What you should do: Extract the whole listing as it stands. Do not include the pictures.

Extracted entries:
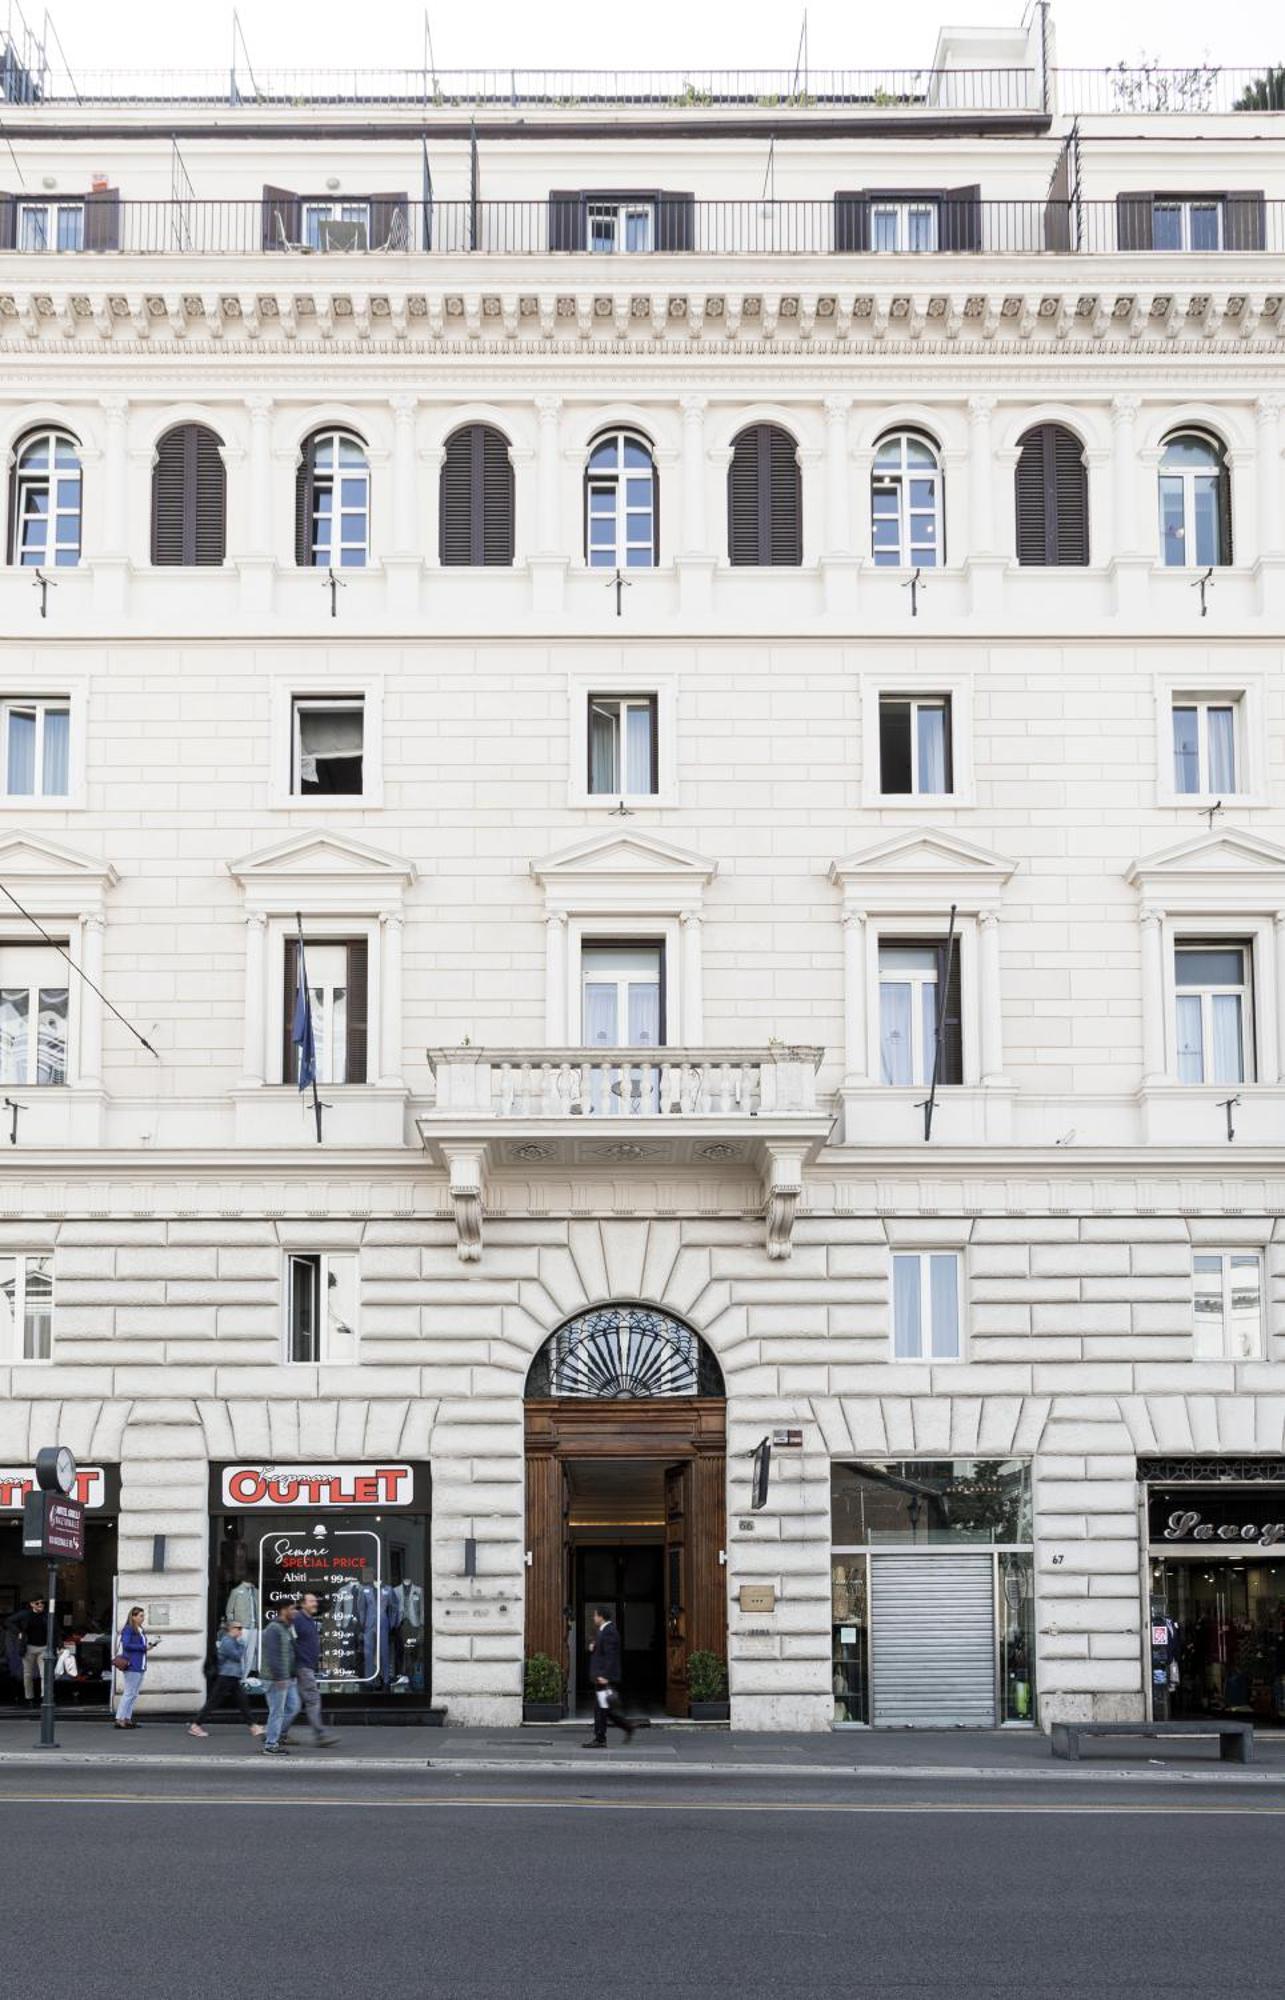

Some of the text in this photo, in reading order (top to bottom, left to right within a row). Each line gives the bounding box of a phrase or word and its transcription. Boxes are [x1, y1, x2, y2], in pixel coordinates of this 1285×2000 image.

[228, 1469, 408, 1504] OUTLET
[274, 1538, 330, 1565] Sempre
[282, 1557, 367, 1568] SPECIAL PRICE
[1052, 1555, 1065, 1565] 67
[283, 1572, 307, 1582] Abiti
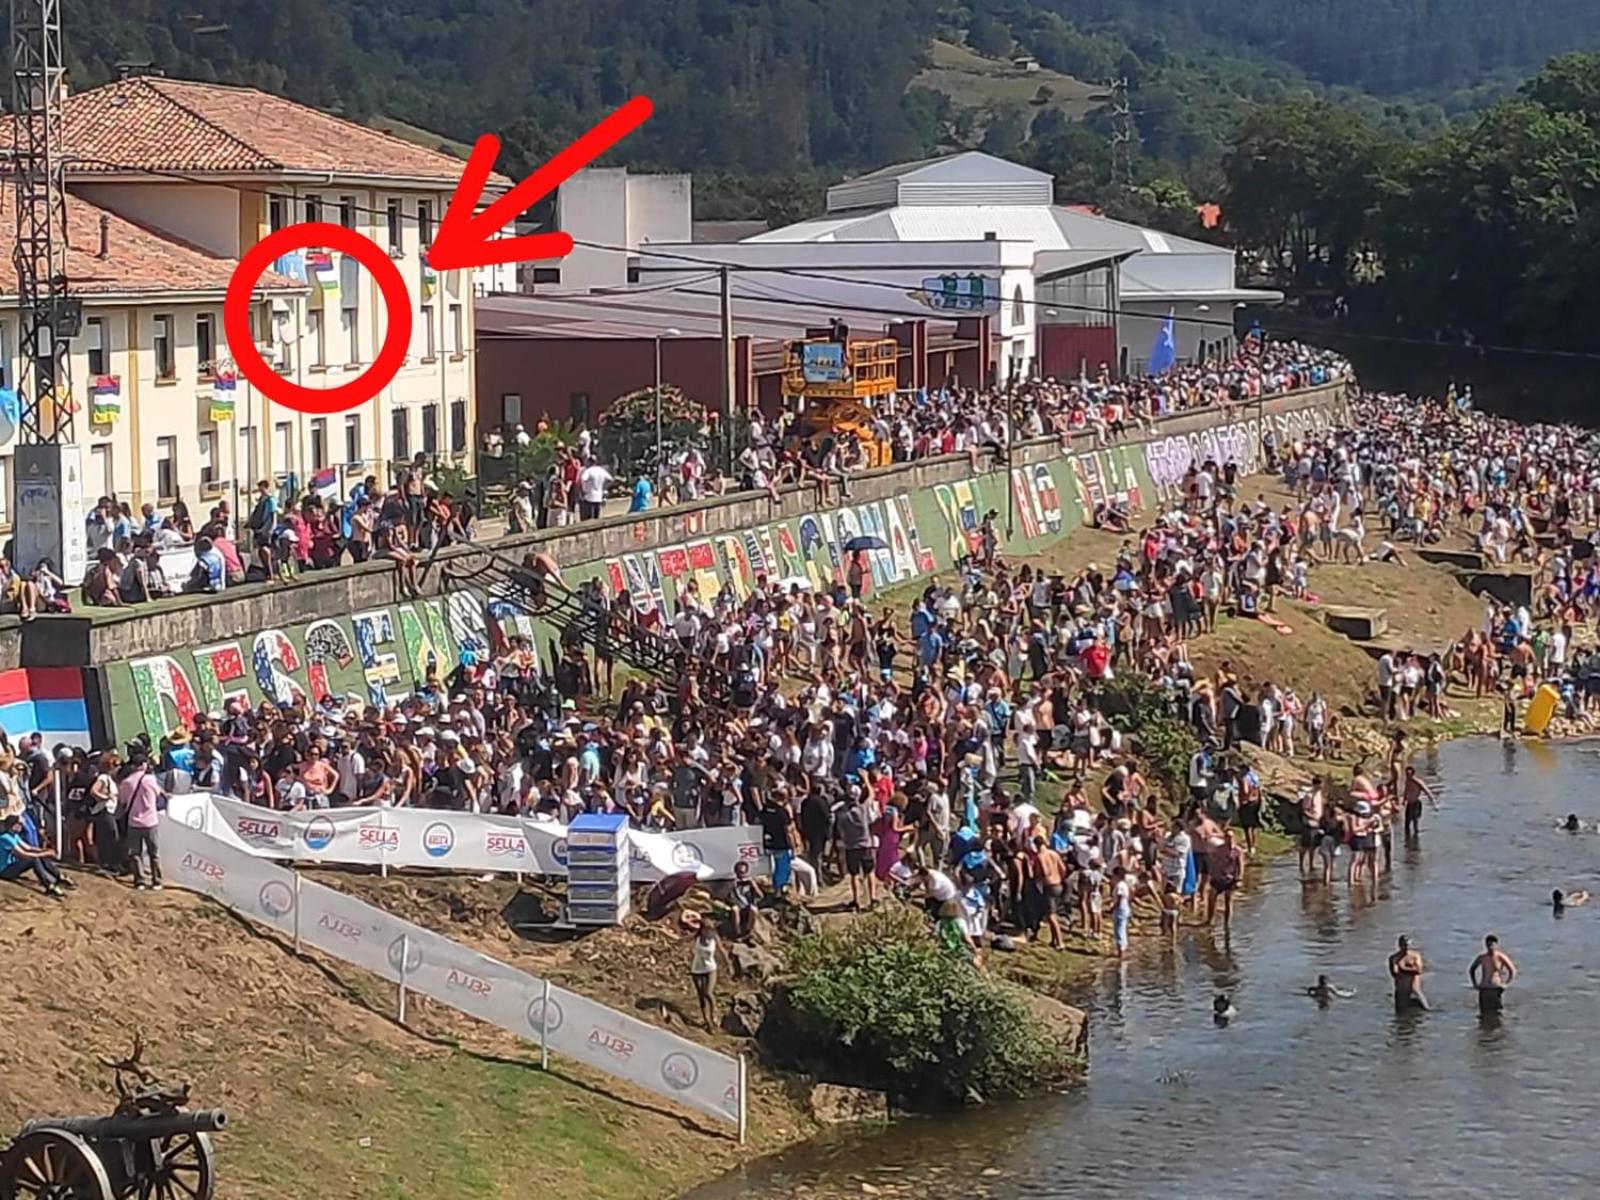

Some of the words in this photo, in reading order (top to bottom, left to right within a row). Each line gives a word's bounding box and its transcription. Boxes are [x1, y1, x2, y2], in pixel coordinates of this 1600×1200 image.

Solved problem:
Some of the text in this photo, in reading order (top to bottom, left to right within a row). Each line gives the bounding box of a phrase or word and its transcription. Boxes are [x1, y1, x2, y2], in pixel coordinates of this 1285×2000 image.

[228, 1469, 408, 1504] OUTLET
[274, 1538, 330, 1565] Sempre
[282, 1557, 367, 1568] SPECIAL PRICE
[1052, 1555, 1065, 1565] 67
[283, 1572, 307, 1582] Abiti

Some of the words in this photo, in reading order (top to bottom, left to right within a row). Each line gives a word's bounding box and its transcription. Boxes are [x1, y1, x2, y2], in pixel coordinates of this 1600×1200 image.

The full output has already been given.